You might be better talking to local community centres about running something, or even starting your own group in a local cafe.
 
As time goes on I hate it more. I miss everything about my old working life. I want to get a job again to relieve the sense that all I'm doing is sitting in a corner waiting to die.

I loved my job, the interaction with colleagues and students, the friends I had through work, I loved it so much that I'm considering doing it voluntarily.

I fully understand that. Although there's some very toxic working environments in education I was lucky enough to, mainly, be away from that. I loved strolling, in the sun, to and from work, stopping off in a local bar. In the summer I'd drive, roof down, through the highways and by-ways when off site. Going to meet staff, students, for drinks/meals and especially sobremesa...

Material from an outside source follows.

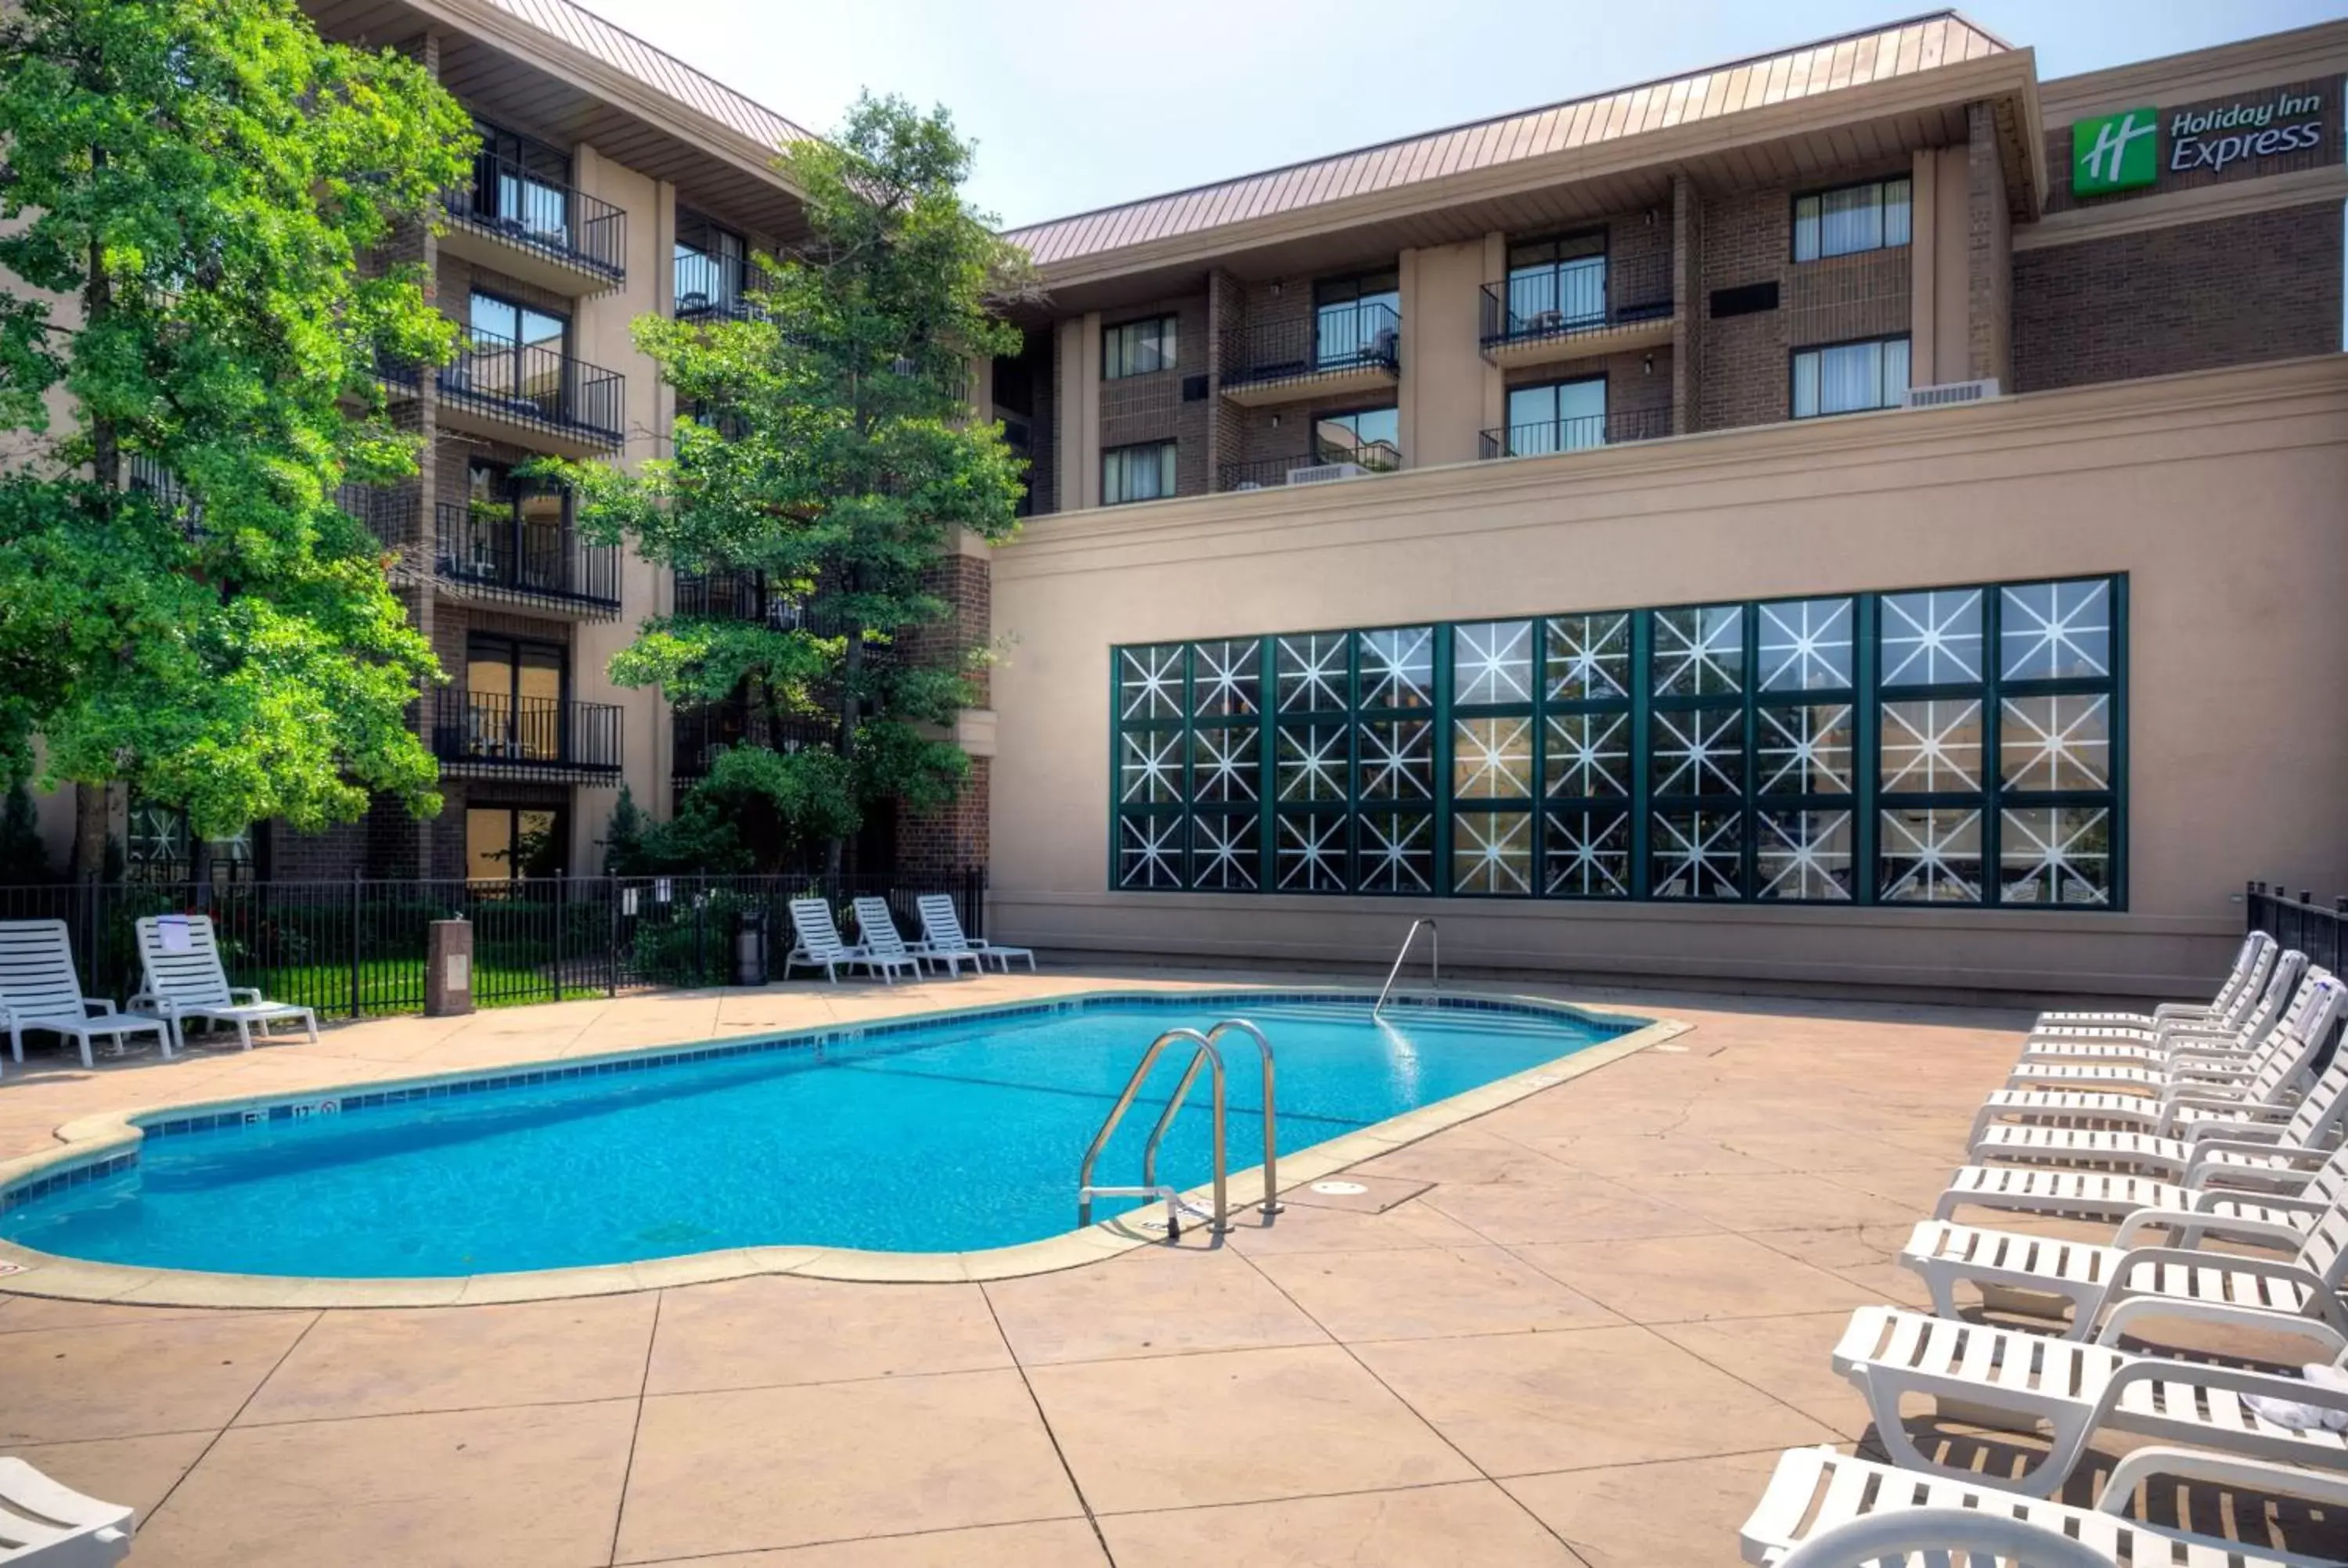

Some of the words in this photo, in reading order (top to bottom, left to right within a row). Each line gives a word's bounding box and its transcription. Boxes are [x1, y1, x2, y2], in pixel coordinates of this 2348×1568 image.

Iirc you have retired quite recently and moved from Spain to Scotland. It does take time to decompress from worklife. I found the first few months difficult after having been used to a routine. After 6 months I got a temp Xmas job in a chain store. After Xmas i was offered a permanent job if i wanted it, but working there had reminded me how much I hated commuting and just going to work, sleep, and repeat every day. I appreciated not doing anything and after 12 months I didn't miss work at all.

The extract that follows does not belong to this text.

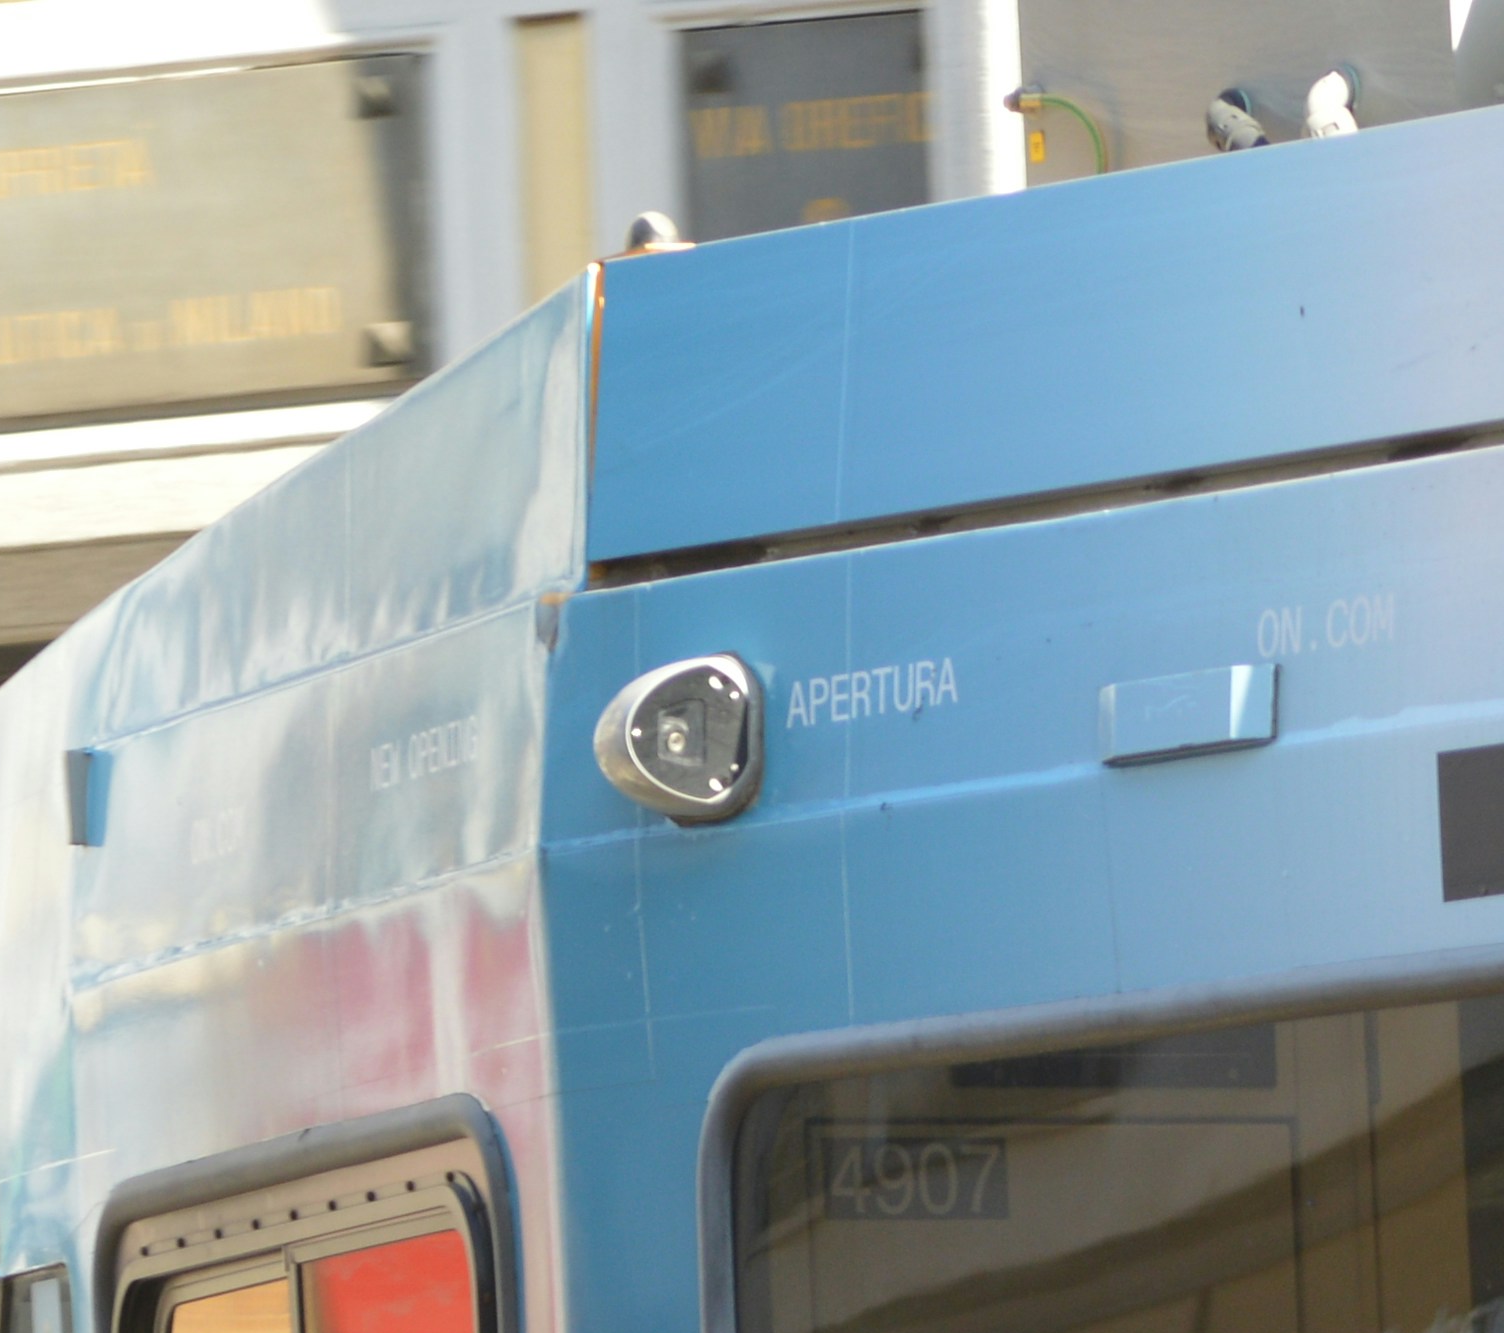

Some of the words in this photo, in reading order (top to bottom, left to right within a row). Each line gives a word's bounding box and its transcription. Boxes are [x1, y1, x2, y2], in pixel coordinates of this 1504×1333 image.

Also it seems to me that you miss the Spanish weather and lifestyle. I have thought about spending more of the winter somewhere sunny but I found I got bored after four weeks and wanted to come home.
 
Key thing is to retire from work but still do stuff. Hobbies, study, social groups ;) , voluntary work etc
I agree wholeheartedly, but with the single caveat that (geriatric) parental care needs have the capacity to completely subvert such good intentions. I think a significant proportion of folk 'not working' are compensating for the lack of any coherent elderly adult social care in this fucking country.
 
I agree wholeheartedly, but with the single caveat that (geriatric) parental care needs have the capacity to completely subvert such good intentions. I think a significant proportion of folk 'not working' are compensating for the lack of any coherent elderly adult social care in this fucking country.
Yes, that is very true. But not sure that’s an issue for dessiato particularly I think? who I suppose I was responding to.
 
I agree wholeheartedly, but with the single caveat that (geriatric) parental care needs have the capacity to completely subvert such good intentions. I think a significant proportion of folk 'not working' are compensating for the lack of any coherent elderly adult social care in this fucking country.
That is what brought us back to the UK. We gave up everything in Spain to be with my very ill f-i-l. He then went and died.